What you should do »
Make an exact copy of the records below. Include every line.

[Data records]
***

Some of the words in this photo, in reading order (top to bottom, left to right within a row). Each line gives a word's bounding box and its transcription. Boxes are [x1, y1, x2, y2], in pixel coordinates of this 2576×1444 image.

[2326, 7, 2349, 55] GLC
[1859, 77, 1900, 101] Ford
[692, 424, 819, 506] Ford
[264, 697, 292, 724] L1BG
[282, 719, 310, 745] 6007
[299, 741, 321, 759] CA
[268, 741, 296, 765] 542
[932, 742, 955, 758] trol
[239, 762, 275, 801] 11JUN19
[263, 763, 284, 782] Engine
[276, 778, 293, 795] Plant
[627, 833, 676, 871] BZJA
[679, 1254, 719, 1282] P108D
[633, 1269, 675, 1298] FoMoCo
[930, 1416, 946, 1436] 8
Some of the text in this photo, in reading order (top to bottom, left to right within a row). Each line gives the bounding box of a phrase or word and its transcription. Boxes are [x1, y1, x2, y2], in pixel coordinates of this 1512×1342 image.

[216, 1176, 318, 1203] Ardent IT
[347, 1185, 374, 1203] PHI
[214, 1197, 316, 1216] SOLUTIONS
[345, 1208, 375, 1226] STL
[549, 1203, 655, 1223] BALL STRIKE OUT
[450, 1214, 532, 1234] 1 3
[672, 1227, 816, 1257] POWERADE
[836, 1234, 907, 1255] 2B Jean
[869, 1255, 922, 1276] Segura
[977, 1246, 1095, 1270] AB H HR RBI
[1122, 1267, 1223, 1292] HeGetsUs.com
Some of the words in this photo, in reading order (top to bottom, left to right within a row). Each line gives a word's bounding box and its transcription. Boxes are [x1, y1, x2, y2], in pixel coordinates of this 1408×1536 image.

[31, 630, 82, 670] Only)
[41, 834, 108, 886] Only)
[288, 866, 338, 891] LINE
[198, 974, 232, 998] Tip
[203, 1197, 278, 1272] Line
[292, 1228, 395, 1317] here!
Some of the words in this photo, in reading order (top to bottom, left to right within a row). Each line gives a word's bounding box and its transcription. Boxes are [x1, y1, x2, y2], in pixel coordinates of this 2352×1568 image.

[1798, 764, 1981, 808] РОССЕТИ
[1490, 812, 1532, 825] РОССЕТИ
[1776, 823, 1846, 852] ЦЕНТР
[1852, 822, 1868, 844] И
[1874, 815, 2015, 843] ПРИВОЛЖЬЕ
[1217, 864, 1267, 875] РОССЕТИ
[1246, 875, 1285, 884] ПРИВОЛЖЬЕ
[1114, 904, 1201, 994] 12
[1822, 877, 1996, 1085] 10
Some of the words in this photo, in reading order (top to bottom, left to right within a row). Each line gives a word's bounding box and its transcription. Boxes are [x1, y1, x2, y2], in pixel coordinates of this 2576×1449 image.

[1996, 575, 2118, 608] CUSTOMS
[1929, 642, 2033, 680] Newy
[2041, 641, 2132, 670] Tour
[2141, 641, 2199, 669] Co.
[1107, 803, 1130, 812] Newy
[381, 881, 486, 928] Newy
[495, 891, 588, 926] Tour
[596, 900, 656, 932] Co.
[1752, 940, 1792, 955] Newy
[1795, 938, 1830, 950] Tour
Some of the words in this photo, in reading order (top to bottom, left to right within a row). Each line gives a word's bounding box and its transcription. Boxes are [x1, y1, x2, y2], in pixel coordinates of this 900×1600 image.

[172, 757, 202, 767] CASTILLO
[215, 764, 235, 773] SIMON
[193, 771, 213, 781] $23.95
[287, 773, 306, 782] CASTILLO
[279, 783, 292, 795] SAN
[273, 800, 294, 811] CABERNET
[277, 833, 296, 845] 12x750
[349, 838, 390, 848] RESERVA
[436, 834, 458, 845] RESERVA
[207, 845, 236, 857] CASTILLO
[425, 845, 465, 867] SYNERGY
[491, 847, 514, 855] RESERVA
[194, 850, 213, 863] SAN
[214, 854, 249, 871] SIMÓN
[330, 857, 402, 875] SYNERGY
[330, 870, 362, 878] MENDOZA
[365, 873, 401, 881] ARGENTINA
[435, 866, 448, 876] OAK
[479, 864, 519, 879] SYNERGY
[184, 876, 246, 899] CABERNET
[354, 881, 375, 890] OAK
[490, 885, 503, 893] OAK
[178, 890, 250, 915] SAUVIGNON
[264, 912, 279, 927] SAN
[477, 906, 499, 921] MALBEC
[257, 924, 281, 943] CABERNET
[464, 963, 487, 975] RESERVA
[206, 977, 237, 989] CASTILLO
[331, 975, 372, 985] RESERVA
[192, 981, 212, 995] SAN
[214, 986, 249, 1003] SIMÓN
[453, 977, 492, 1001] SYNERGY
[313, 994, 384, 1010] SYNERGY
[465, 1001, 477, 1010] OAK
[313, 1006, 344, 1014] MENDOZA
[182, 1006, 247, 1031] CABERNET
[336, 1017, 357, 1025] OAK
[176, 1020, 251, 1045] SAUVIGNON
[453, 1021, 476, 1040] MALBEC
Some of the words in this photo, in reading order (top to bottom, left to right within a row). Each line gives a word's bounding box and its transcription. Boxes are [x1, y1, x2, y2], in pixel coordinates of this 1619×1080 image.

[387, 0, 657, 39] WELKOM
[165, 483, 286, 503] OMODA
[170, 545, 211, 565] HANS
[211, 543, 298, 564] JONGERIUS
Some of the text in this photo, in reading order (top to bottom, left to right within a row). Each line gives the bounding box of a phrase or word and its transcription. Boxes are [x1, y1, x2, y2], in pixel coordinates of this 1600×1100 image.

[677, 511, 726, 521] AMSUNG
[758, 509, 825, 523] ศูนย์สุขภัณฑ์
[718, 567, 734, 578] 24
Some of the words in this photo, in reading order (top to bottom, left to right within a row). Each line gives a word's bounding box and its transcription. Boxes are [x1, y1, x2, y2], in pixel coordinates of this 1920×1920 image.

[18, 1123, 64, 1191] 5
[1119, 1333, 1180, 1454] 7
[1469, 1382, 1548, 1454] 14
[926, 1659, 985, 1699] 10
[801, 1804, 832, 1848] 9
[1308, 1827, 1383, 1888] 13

***

Finished exercise »
Some of the words in this photo, in reading order (top to bottom, left to right within a row). Each line gives a word's bounding box and its transcription. Boxes are [x1, y1, x2, y2], in pixel coordinates of this 2576×1444 image.

[2326, 7, 2349, 55] GLC
[1859, 77, 1900, 101] Ford
[692, 424, 819, 506] Ford
[264, 697, 292, 724] L1BG
[282, 719, 310, 745] 6007
[299, 741, 321, 759] CA
[268, 741, 296, 765] 542
[932, 742, 955, 758] trol
[239, 762, 275, 801] 11JUN19
[263, 763, 284, 782] Engine
[276, 778, 293, 795] Plant
[627, 833, 676, 871] BZJA
[679, 1254, 719, 1282] P108D
[633, 1269, 675, 1298] FoMoCo
[930, 1416, 946, 1436] 8
Some of the text in this photo, in reading order (top to bottom, left to right within a row). Each line gives the bounding box of a phrase or word and its transcription. Boxes are [x1, y1, x2, y2], in pixel coordinates of this 1512×1342 image.

[216, 1176, 318, 1203] Ardent IT
[347, 1185, 374, 1203] PHI
[214, 1197, 316, 1216] SOLUTIONS
[345, 1208, 375, 1226] STL
[549, 1203, 655, 1223] BALL STRIKE OUT
[450, 1214, 532, 1234] 1 3
[672, 1227, 816, 1257] POWERADE
[836, 1234, 907, 1255] 2B Jean
[869, 1255, 922, 1276] Segura
[977, 1246, 1095, 1270] AB H HR RBI
[1122, 1267, 1223, 1292] HeGetsUs.com
Some of the words in this photo, in reading order (top to bottom, left to right within a row). Each line gives a word's bounding box and its transcription. Boxes are [x1, y1, x2, y2], in pixel coordinates of this 1408×1536 image.

[31, 630, 82, 670] Only)
[41, 834, 108, 886] Only)
[288, 866, 338, 891] LINE
[198, 974, 232, 998] Tip
[203, 1197, 278, 1272] Line
[292, 1228, 395, 1317] here!
Some of the words in this photo, in reading order (top to bottom, left to right within a row). Each line gives a word's bounding box and its transcription. Boxes are [x1, y1, x2, y2], in pixel coordinates of this 2352×1568 image.

[1798, 764, 1981, 808] РОССЕТИ
[1490, 812, 1532, 825] РОССЕТИ
[1776, 823, 1846, 852] ЦЕНТР
[1852, 822, 1868, 844] И
[1874, 815, 2015, 843] ПРИВОЛЖЬЕ
[1217, 864, 1267, 875] РОССЕТИ
[1246, 875, 1285, 884] ПРИВОЛЖЬЕ
[1114, 904, 1201, 994] 12
[1822, 877, 1996, 1085] 10
Some of the words in this photo, in reading order (top to bottom, left to right within a row). Each line gives a word's bounding box and its transcription. Boxes are [x1, y1, x2, y2], in pixel coordinates of this 2576×1449 image.

[1996, 575, 2118, 608] CUSTOMS
[1929, 642, 2033, 680] Newy
[2041, 641, 2132, 670] Tour
[2141, 641, 2199, 669] Co.
[1107, 803, 1130, 812] Newy
[381, 881, 486, 928] Newy
[495, 891, 588, 926] Tour
[596, 900, 656, 932] Co.
[1752, 940, 1792, 955] Newy
[1795, 938, 1830, 950] Tour
Some of the words in this photo, in reading order (top to bottom, left to right within a row). Each line gives a word's bounding box and its transcription. Boxes are [x1, y1, x2, y2], in pixel coordinates of this 900×1600 image.

[172, 757, 202, 767] CASTILLO
[215, 764, 235, 773] SIMON
[193, 771, 213, 781] $23.95
[287, 773, 306, 782] CASTILLO
[279, 783, 292, 795] SAN
[273, 800, 294, 811] CABERNET
[277, 833, 296, 845] 12x750
[349, 838, 390, 848] RESERVA
[436, 834, 458, 845] RESERVA
[207, 845, 236, 857] CASTILLO
[425, 845, 465, 867] SYNERGY
[491, 847, 514, 855] RESERVA
[194, 850, 213, 863] SAN
[214, 854, 249, 871] SIMÓN
[330, 857, 402, 875] SYNERGY
[330, 870, 362, 878] MENDOZA
[365, 873, 401, 881] ARGENTINA
[435, 866, 448, 876] OAK
[479, 864, 519, 879] SYNERGY
[184, 876, 246, 899] CABERNET
[354, 881, 375, 890] OAK
[490, 885, 503, 893] OAK
[178, 890, 250, 915] SAUVIGNON
[264, 912, 279, 927] SAN
[477, 906, 499, 921] MALBEC
[257, 924, 281, 943] CABERNET
[464, 963, 487, 975] RESERVA
[206, 977, 237, 989] CASTILLO
[331, 975, 372, 985] RESERVA
[192, 981, 212, 995] SAN
[214, 986, 249, 1003] SIMÓN
[453, 977, 492, 1001] SYNERGY
[313, 994, 384, 1010] SYNERGY
[465, 1001, 477, 1010] OAK
[313, 1006, 344, 1014] MENDOZA
[182, 1006, 247, 1031] CABERNET
[336, 1017, 357, 1025] OAK
[176, 1020, 251, 1045] SAUVIGNON
[453, 1021, 476, 1040] MALBEC
Some of the words in this photo, in reading order (top to bottom, left to right within a row). Each line gives a word's bounding box and its transcription. Boxes are [x1, y1, x2, y2], in pixel coordinates of this 1619×1080 image.

[387, 0, 657, 39] WELKOM
[165, 483, 286, 503] OMODA
[170, 545, 211, 565] HANS
[211, 543, 298, 564] JONGERIUS
Some of the text in this photo, in reading order (top to bottom, left to right within a row). Each line gives the bounding box of a phrase or word and its transcription. Boxes are [x1, y1, x2, y2], in pixel coordinates of this 1600×1100 image.

[677, 511, 726, 521] AMSUNG
[758, 509, 825, 523] ศูนย์สุขภัณฑ์
[718, 567, 734, 578] 24
Some of the words in this photo, in reading order (top to bottom, left to right within a row). Each line gives a word's bounding box and its transcription. Boxes are [x1, y1, x2, y2], in pixel coordinates of this 1920×1920 image.

[18, 1123, 64, 1191] 5
[1119, 1333, 1180, 1454] 7
[1469, 1382, 1548, 1454] 14
[926, 1659, 985, 1699] 10
[801, 1804, 832, 1848] 9
[1308, 1827, 1383, 1888] 13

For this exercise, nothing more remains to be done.